● **Information**
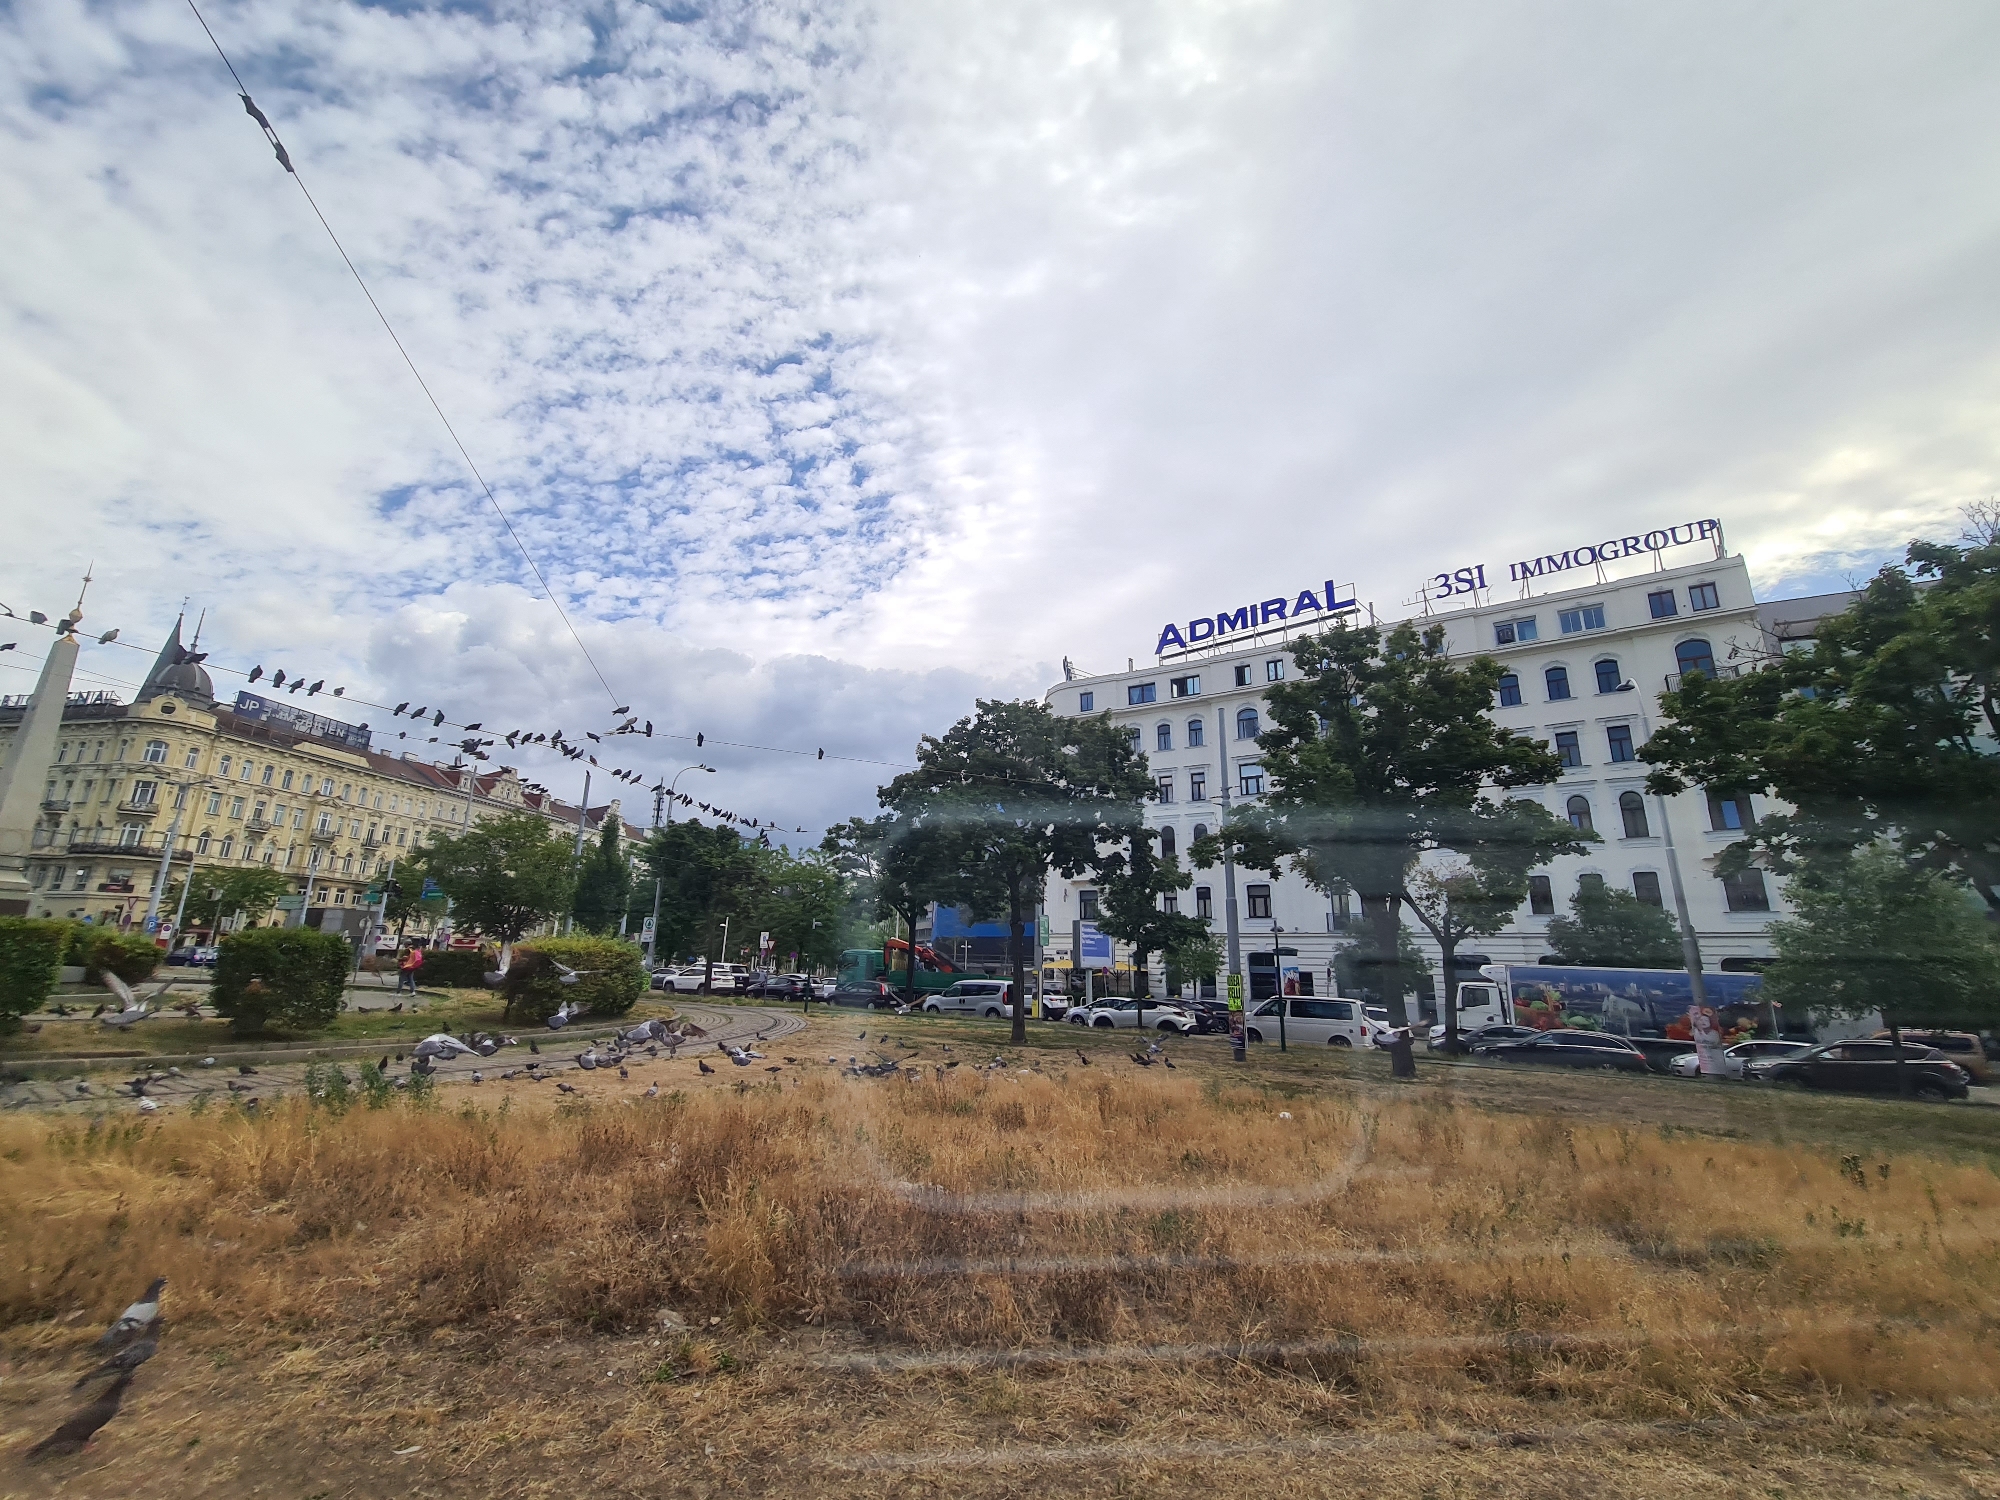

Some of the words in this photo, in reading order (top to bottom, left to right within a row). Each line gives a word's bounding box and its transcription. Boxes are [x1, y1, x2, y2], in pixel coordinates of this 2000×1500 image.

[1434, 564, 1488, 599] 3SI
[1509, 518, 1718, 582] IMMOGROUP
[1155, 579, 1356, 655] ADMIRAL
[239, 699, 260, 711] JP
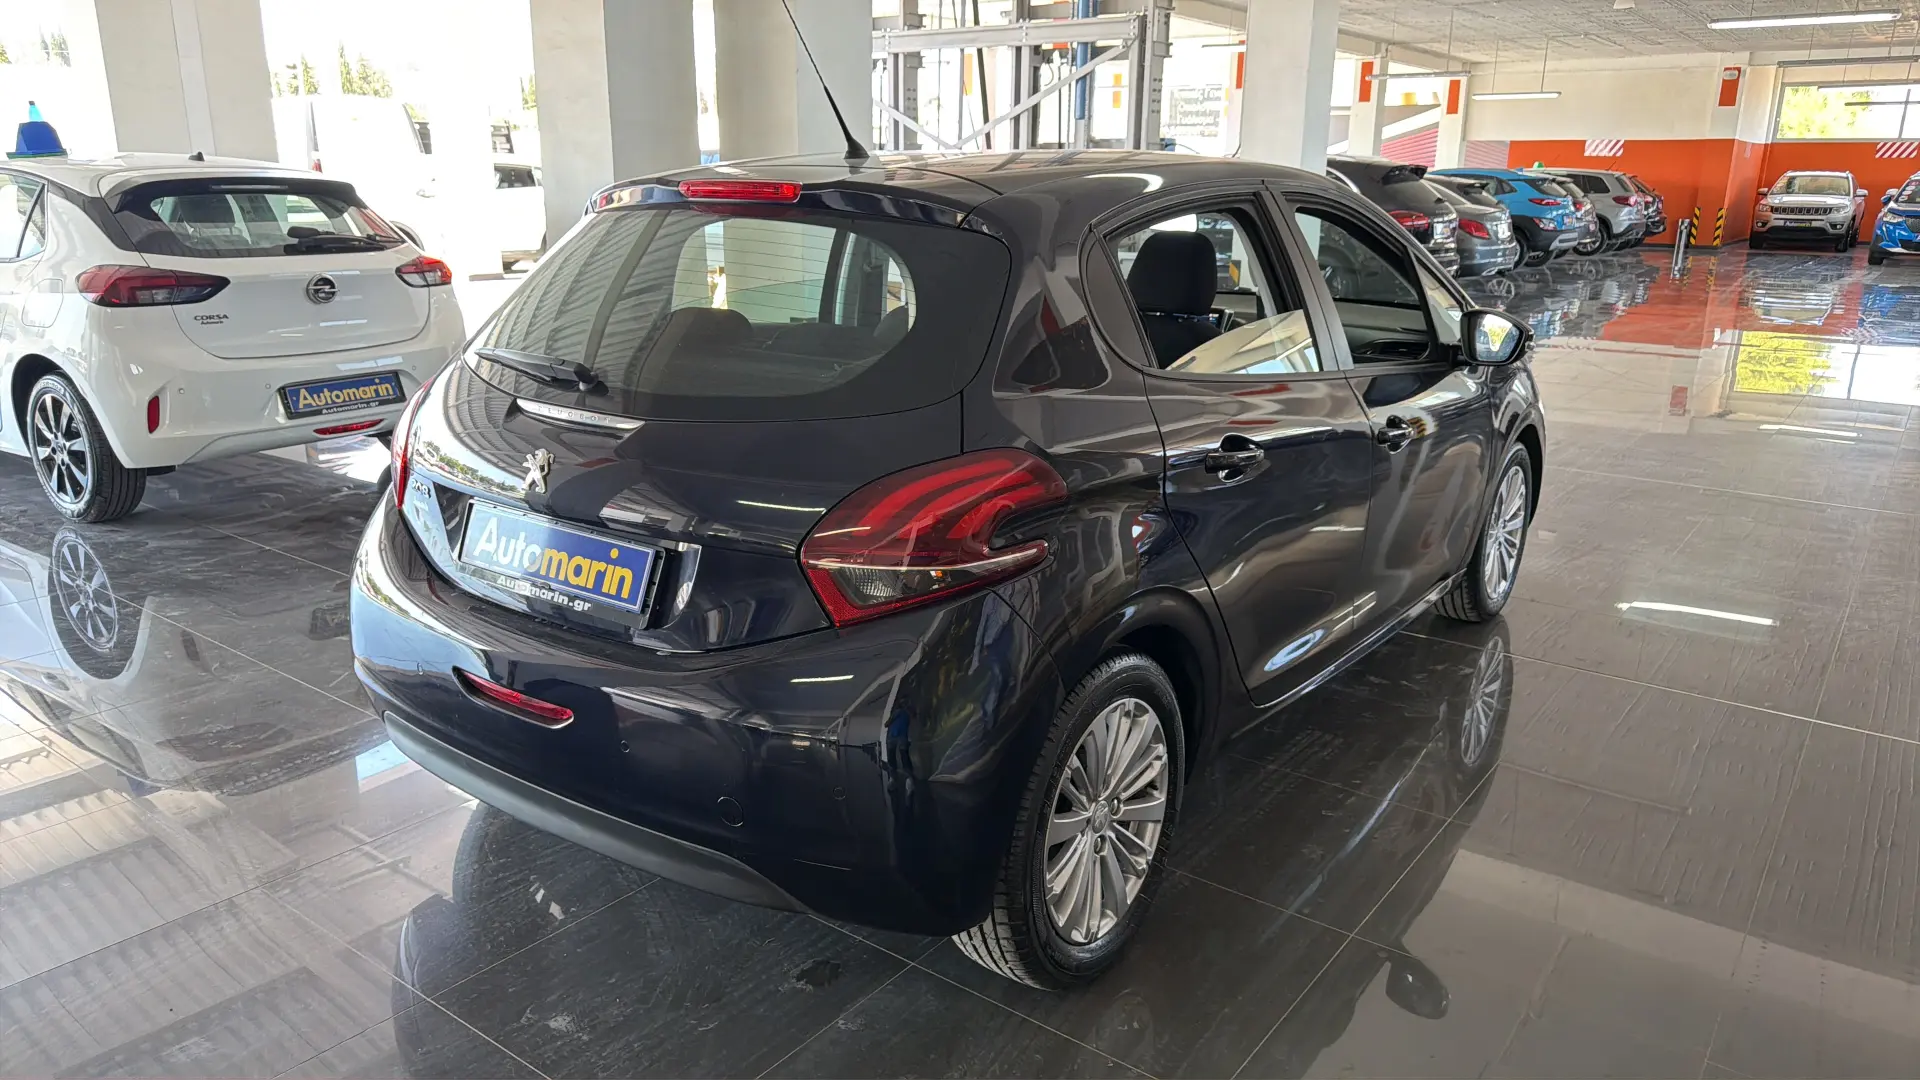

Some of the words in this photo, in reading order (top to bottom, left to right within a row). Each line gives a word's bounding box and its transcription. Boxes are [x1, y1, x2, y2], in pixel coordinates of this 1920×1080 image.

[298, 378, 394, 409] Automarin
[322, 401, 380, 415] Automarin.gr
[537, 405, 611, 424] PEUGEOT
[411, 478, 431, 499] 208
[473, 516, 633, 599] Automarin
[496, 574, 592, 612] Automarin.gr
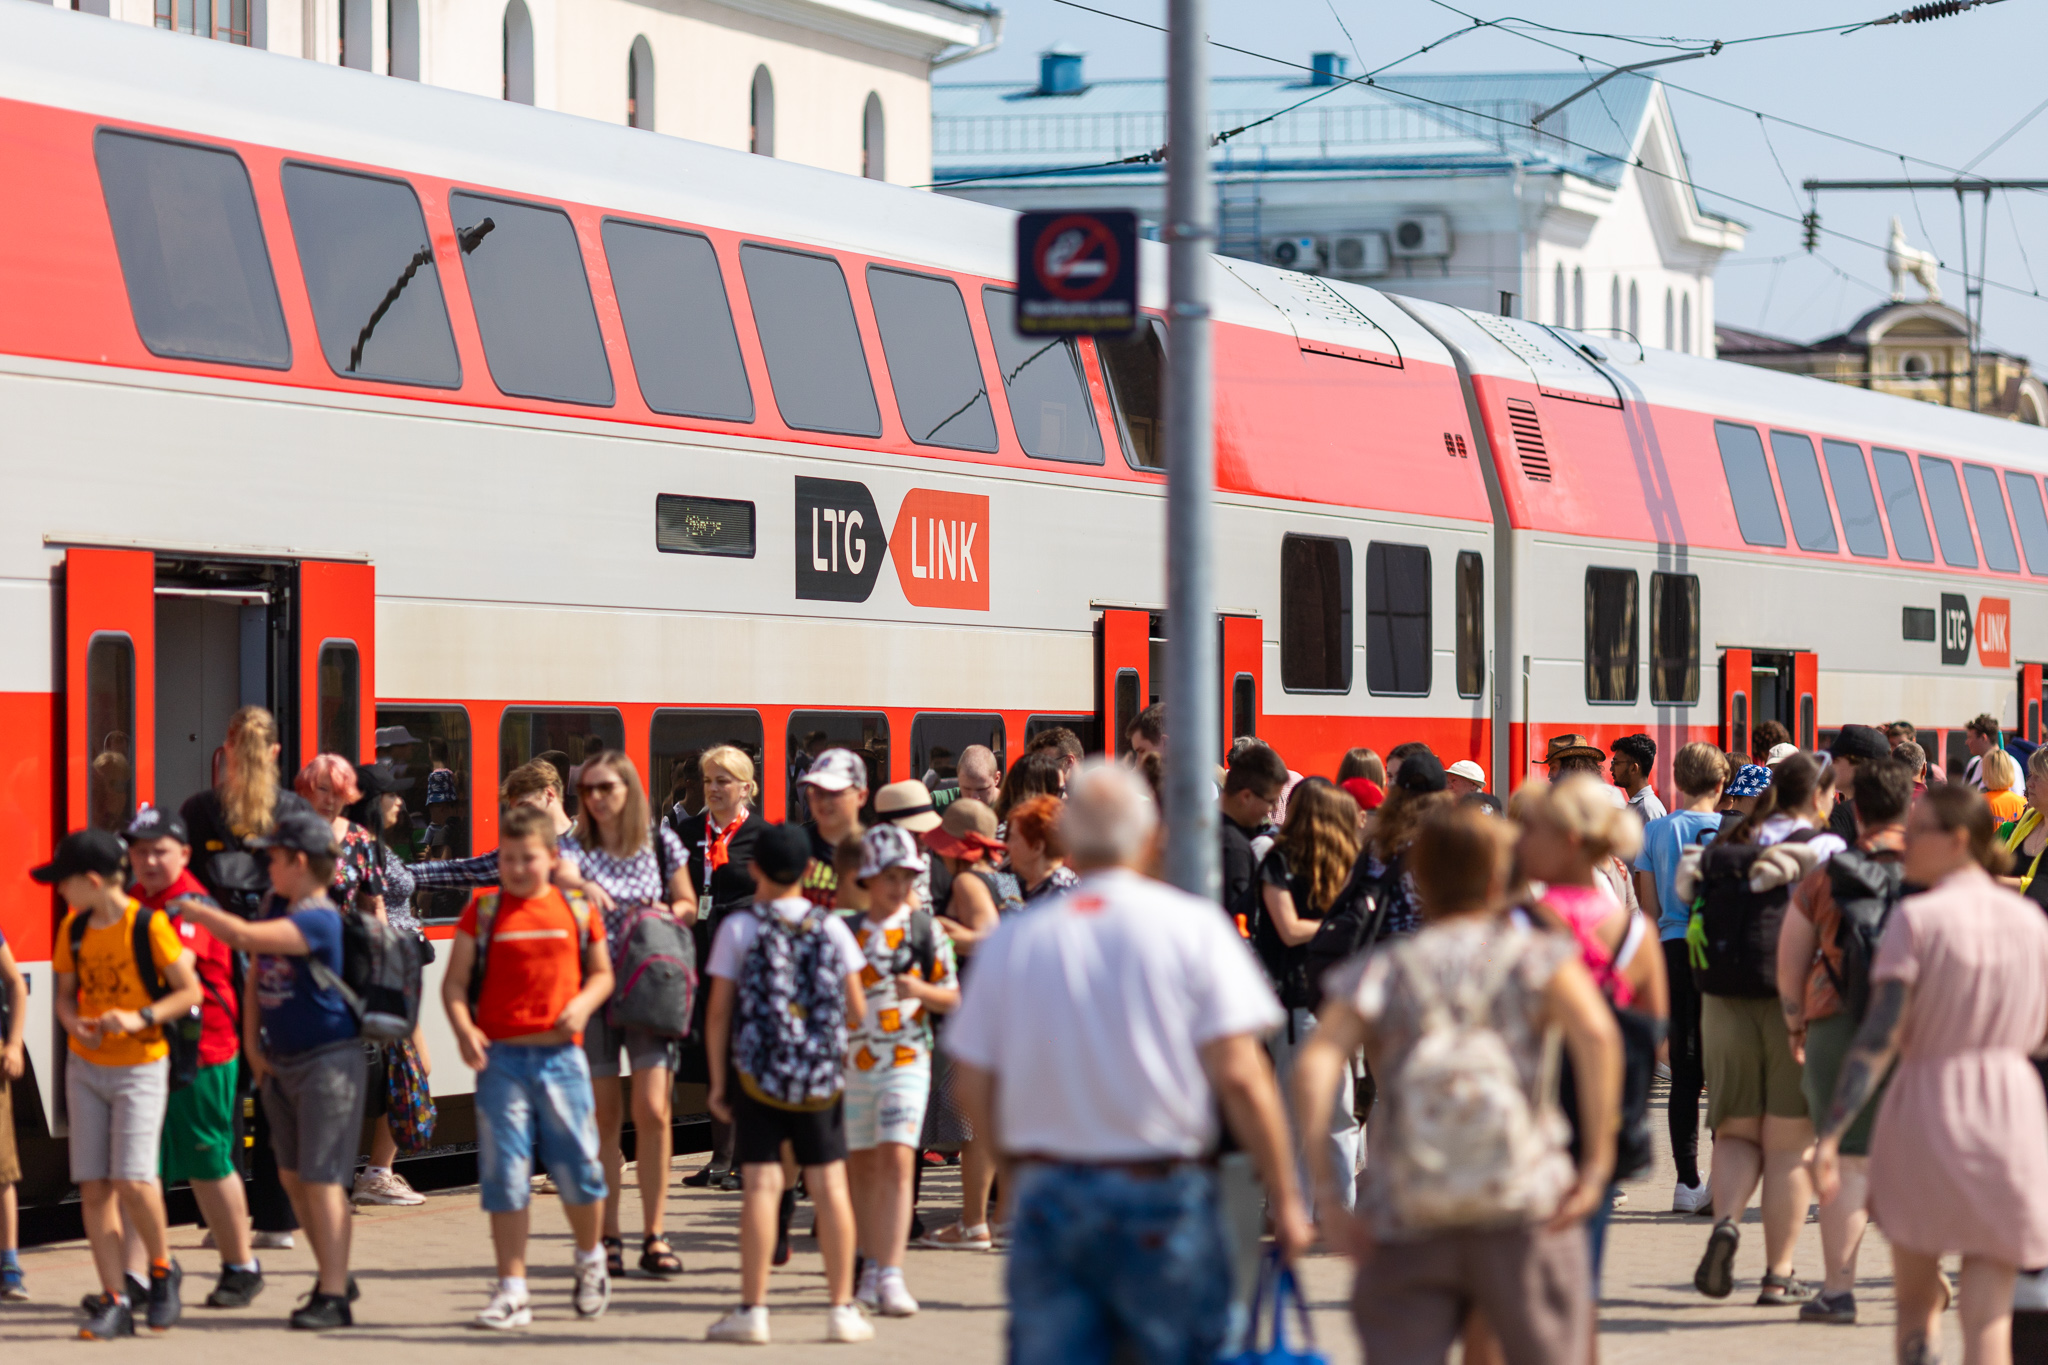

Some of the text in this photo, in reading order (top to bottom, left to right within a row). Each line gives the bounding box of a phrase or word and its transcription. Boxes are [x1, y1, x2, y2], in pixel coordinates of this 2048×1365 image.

● **Your task**
Apart from the images, reproduce the listing exactly as it appears.

● **Exercise solution**
Some of the words in this photo, in reading order (top to bottom, left to right within a row). Each line gives a word's bounding box and its transcription. Boxes are [x1, y1, x2, y2], in pixel coordinates of this 2000×1500 image.

[1434, 564, 1488, 599] 3SI
[1509, 518, 1718, 582] IMMOGROUP
[1155, 579, 1356, 655] ADMIRAL
[239, 699, 260, 711] JP

Some of the words in this photo, in reading order (top to bottom, left to right within a row). Each line gives a word's bounding box and its transcription. Boxes are [x1, y1, x2, y2], in pixel coordinates of this 1920×1080 image.

[298, 378, 394, 409] Automarin
[322, 401, 380, 415] Automarin.gr
[537, 405, 611, 424] PEUGEOT
[411, 478, 431, 499] 208
[473, 516, 633, 599] Automarin
[496, 574, 592, 612] Automarin.gr

Some of the text in this photo, in reading order (top to bottom, left to right within a row). Each line gives the bounding box of a phrase or word and its transcription. Boxes are [x1, y1, x2, y2], in pixel coordinates of this 2048×1365 image.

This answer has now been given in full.